> [Exercise directions] The records that follow must be transcribed exactly, each one in full.
━━━━━━━━━━
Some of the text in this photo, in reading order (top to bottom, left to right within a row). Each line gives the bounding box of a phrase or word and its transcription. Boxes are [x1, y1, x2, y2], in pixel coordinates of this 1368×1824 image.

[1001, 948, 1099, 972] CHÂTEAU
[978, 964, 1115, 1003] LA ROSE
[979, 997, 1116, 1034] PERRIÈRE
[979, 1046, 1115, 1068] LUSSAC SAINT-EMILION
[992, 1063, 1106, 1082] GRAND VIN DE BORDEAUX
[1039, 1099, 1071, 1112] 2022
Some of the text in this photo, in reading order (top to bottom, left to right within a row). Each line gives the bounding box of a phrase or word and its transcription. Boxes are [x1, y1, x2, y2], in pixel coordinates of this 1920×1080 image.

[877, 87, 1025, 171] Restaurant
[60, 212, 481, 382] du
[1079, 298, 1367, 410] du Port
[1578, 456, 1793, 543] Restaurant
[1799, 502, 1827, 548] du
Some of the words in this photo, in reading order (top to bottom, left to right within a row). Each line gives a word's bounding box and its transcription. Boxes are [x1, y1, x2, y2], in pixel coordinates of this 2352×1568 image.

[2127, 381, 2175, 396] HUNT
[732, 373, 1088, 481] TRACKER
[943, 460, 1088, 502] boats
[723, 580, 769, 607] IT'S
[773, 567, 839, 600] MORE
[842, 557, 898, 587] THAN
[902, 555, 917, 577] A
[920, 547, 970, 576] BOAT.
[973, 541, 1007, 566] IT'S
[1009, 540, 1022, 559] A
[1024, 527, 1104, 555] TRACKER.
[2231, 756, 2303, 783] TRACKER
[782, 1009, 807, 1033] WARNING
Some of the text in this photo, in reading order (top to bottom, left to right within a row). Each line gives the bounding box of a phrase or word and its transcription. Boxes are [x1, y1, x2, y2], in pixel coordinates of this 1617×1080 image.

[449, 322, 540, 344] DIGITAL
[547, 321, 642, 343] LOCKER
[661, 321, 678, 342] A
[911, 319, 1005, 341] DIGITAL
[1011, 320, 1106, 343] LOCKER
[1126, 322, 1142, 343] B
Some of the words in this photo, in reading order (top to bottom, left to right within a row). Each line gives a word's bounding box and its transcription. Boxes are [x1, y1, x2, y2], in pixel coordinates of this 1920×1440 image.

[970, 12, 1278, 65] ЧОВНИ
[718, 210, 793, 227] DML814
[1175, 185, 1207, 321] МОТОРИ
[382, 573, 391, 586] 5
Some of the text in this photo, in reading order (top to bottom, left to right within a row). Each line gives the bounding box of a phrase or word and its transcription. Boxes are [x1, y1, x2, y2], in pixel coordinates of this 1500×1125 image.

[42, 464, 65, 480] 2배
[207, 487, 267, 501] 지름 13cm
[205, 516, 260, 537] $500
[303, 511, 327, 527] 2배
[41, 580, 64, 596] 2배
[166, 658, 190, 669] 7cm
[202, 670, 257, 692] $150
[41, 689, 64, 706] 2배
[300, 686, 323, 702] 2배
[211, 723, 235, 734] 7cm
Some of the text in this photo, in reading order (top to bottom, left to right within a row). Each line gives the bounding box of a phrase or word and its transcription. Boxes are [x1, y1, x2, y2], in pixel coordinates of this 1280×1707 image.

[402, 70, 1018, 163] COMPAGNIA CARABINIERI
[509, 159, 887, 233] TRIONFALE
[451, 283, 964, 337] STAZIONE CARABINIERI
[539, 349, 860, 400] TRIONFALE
━━━━━━━━━━
> [Response to this exercise]
Some of the text in this photo, in reading order (top to bottom, left to right within a row). Each line gives the bounding box of a phrase or word and its transcription. Boxes are [x1, y1, x2, y2], in pixel coordinates of this 1368×1824 image.

[1001, 948, 1099, 972] CHÂTEAU
[978, 964, 1115, 1003] LA ROSE
[979, 997, 1116, 1034] PERRIÈRE
[979, 1046, 1115, 1068] LUSSAC SAINT-EMILION
[992, 1063, 1106, 1082] GRAND VIN DE BORDEAUX
[1039, 1099, 1071, 1112] 2022
Some of the text in this photo, in reading order (top to bottom, left to right within a row). Each line gives the bounding box of a phrase or word and its transcription. Boxes are [x1, y1, x2, y2], in pixel coordinates of this 1920×1080 image.

[877, 87, 1025, 171] Restaurant
[60, 212, 481, 382] du
[1079, 298, 1367, 410] du Port
[1578, 456, 1793, 543] Restaurant
[1799, 502, 1827, 548] du
Some of the words in this photo, in reading order (top to bottom, left to right within a row). Each line gives a word's bounding box and its transcription. Boxes are [x1, y1, x2, y2], in pixel coordinates of this 2352×1568 image.

[2127, 381, 2175, 396] HUNT
[732, 373, 1088, 481] TRACKER
[943, 460, 1088, 502] boats
[723, 580, 769, 607] IT'S
[773, 567, 839, 600] MORE
[842, 557, 898, 587] THAN
[902, 555, 917, 577] A
[920, 547, 970, 576] BOAT.
[973, 541, 1007, 566] IT'S
[1009, 540, 1022, 559] A
[1024, 527, 1104, 555] TRACKER.
[2231, 756, 2303, 783] TRACKER
[782, 1009, 807, 1033] WARNING
Some of the text in this photo, in reading order (top to bottom, left to right within a row). Each line gives the bounding box of a phrase or word and its transcription. Boxes are [x1, y1, x2, y2], in pixel coordinates of this 1617×1080 image.

[449, 322, 540, 344] DIGITAL
[547, 321, 642, 343] LOCKER
[661, 321, 678, 342] A
[911, 319, 1005, 341] DIGITAL
[1011, 320, 1106, 343] LOCKER
[1126, 322, 1142, 343] B
Some of the words in this photo, in reading order (top to bottom, left to right within a row). Each line gives a word's bounding box and its transcription. Boxes are [x1, y1, x2, y2], in pixel coordinates of this 1920×1440 image.

[970, 12, 1278, 65] ЧОВНИ
[718, 210, 793, 227] DML814
[1175, 185, 1207, 321] МОТОРИ
[382, 573, 391, 586] 5
Some of the text in this photo, in reading order (top to bottom, left to right within a row). Each line gives the bounding box of a phrase or word and its transcription. Boxes are [x1, y1, x2, y2], in pixel coordinates of this 1500×1125 image.

[42, 464, 65, 480] 2배
[207, 487, 267, 501] 지름 13cm
[205, 516, 260, 537] $500
[303, 511, 327, 527] 2배
[41, 580, 64, 596] 2배
[166, 658, 190, 669] 7cm
[202, 670, 257, 692] $150
[41, 689, 64, 706] 2배
[300, 686, 323, 702] 2배
[211, 723, 235, 734] 7cm
Some of the text in this photo, in reading order (top to bottom, left to right within a row). Each line gives the bounding box of a phrase or word and its transcription. Boxes are [x1, y1, x2, y2], in pixel coordinates of this 1280×1707 image.

[402, 70, 1018, 163] COMPAGNIA CARABINIERI
[509, 159, 887, 233] TRIONFALE
[451, 283, 964, 337] STAZIONE CARABINIERI
[539, 349, 860, 400] TRIONFALE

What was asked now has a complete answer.